Lastly, there is the case of WeWork: a commercial real estate disrupter that flew too close to the sun. While there were always critical murmurings of the We-branded family of companies (including a dorm space called WeLive), the top blew off of what the WSJ called a “$20 billion startup fueled by Silicon Valley Pixie Dust.” Did the real estate valuations really match what Adam Neumann, that enigmatic founder who received a nine-figure parachute for his efforts, illustrated to the world at large? While there was plenty of time to call BS on what Neumann styled as a “physical social network”—the first WeWork opened in 2010—observers didn’t really cry afoul until September 2019, once the IPO put it all out there front and center.
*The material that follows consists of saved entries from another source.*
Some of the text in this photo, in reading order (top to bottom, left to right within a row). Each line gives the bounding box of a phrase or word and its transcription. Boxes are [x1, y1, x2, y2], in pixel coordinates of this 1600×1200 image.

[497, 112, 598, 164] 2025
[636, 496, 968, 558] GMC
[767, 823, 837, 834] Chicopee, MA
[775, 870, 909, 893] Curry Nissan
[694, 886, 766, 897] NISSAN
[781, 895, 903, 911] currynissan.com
Wrote The Guardian in December:
“The failed IPO and the company’s subsequent takeover by SoftBank, its largest investor, were both facilitated by the public exposure of long-known information: WeWork was losing a ton of money; its projections of the size of the market for shared office space (up to $3 trilllion) were wildly optimistic (it counted anyone who worked at a desk in an American city where there was a WeWork as a potential “member”; in non-US cities with WeWorks, the estimate applied to anyone with an office job); and its corporate culture and strategy were completely in hock to Neumann and his family’s bizarre ideas and whims.”
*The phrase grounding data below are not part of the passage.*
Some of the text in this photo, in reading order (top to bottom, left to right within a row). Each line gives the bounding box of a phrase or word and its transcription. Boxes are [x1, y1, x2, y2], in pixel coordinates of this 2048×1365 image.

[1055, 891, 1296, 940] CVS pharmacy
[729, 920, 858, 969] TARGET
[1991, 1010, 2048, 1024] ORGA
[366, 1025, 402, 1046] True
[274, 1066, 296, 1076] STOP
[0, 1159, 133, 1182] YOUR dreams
So why didn’t we, as an industry, as a society, look beyond what was right in front of us? Let’s look to another industry that’s gone through upheaval over the past decade: journalism. In her piece for tech publication Hacker Noon, Cate Lawrence, an Australia-based tech freelance journalist, lists out why journalists might be loath to cover your startup. Among the reasons she gives: it’s too early—no one wants to run a story on a company that turns out to be another Theranos—and a lack of being able to articulate what problems does your product solve.
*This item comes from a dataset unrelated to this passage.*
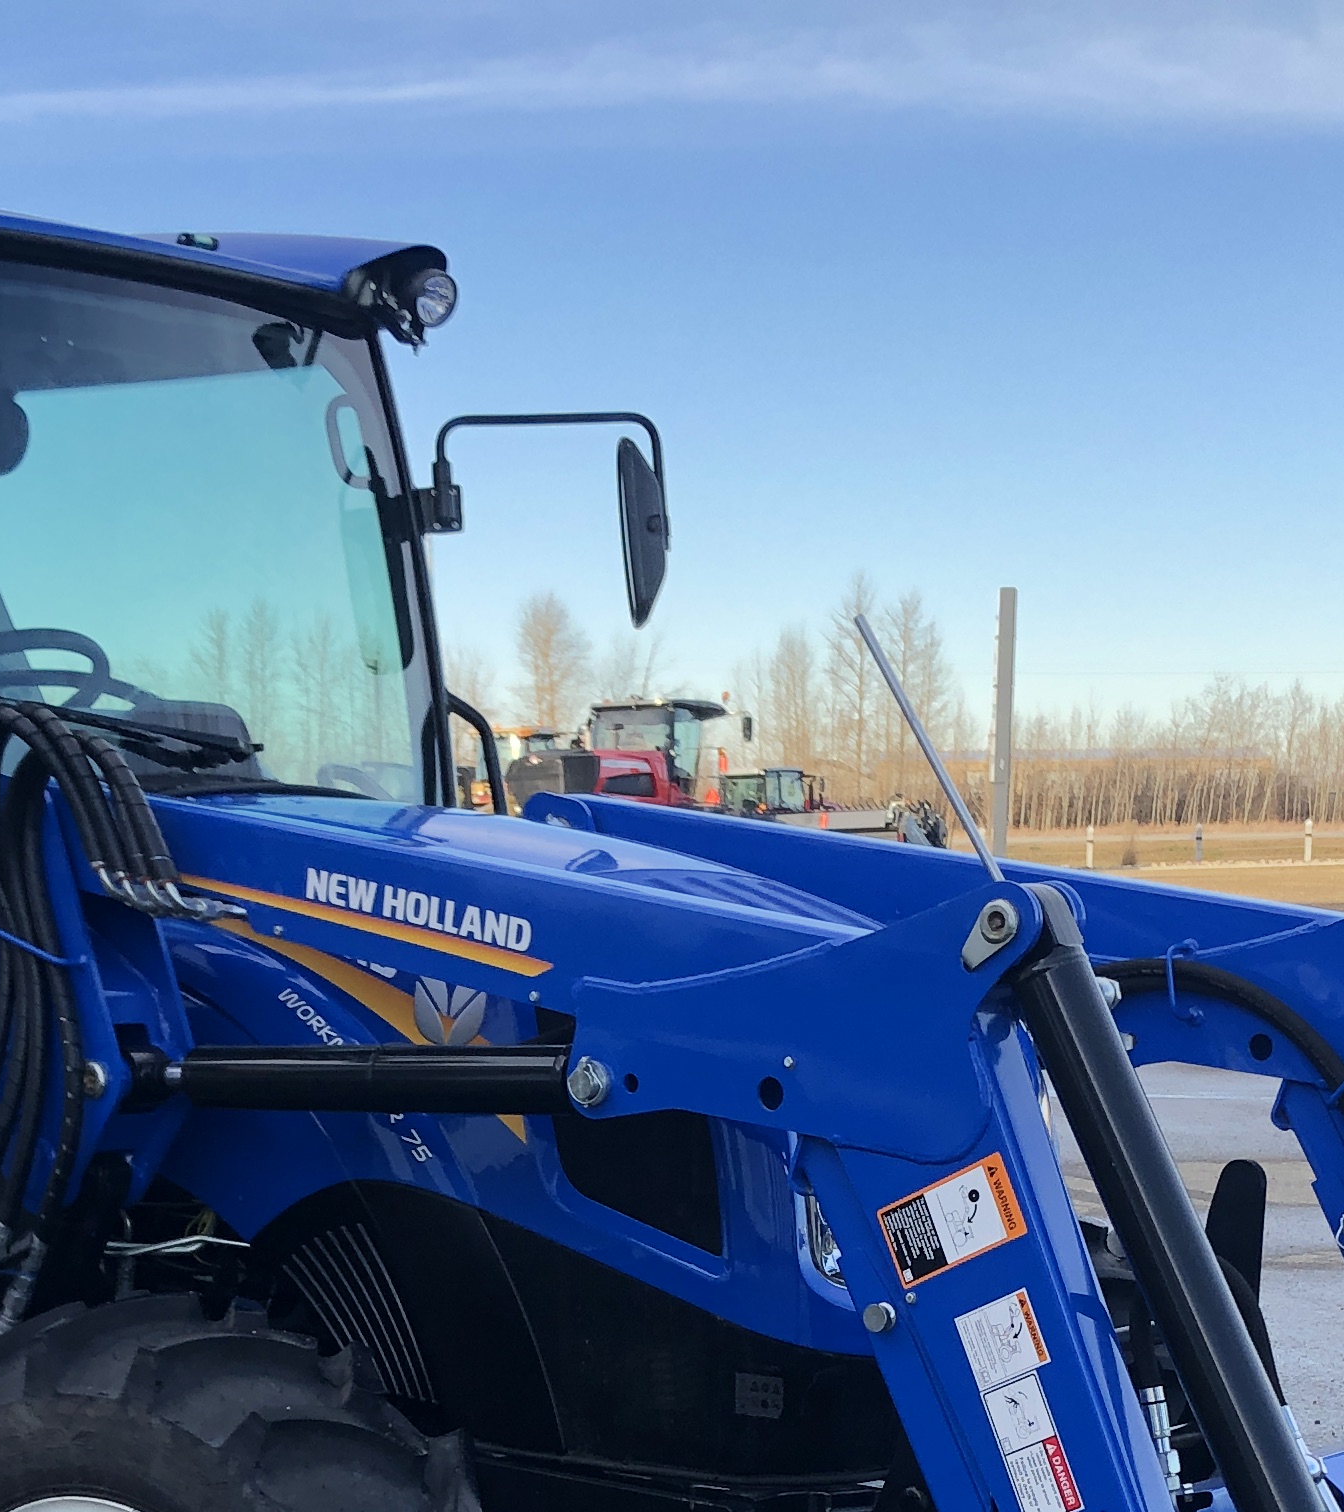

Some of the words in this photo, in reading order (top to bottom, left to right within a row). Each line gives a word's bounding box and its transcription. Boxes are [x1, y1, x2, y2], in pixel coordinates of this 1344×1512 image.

Office space for freelancers and young startups and facilitated blood testing are certainly noble goals. But asking how the sausage is made is just as important as seeing the final vision. Borrowing a page from the 2010s #selfcare theme and employing some examination would have been key. Perhaps the biggest takeaway from the 2010s for venture capital, then, is to forget big ideas and focus on due diligence. If venture capital startups are to be taken seriously by the players who matter, we need to be able to see beyond the smoke and mirrors that can obfuscate clear thinking. Will the 2020s be the decade that moves the lens outward from inward? Rather than focusing on how one can better themselves, the 2020s could spark a new era of how we can better others—both with venture capital and in general.
Otherwise, we might be left with just a glass of $700 kale juice.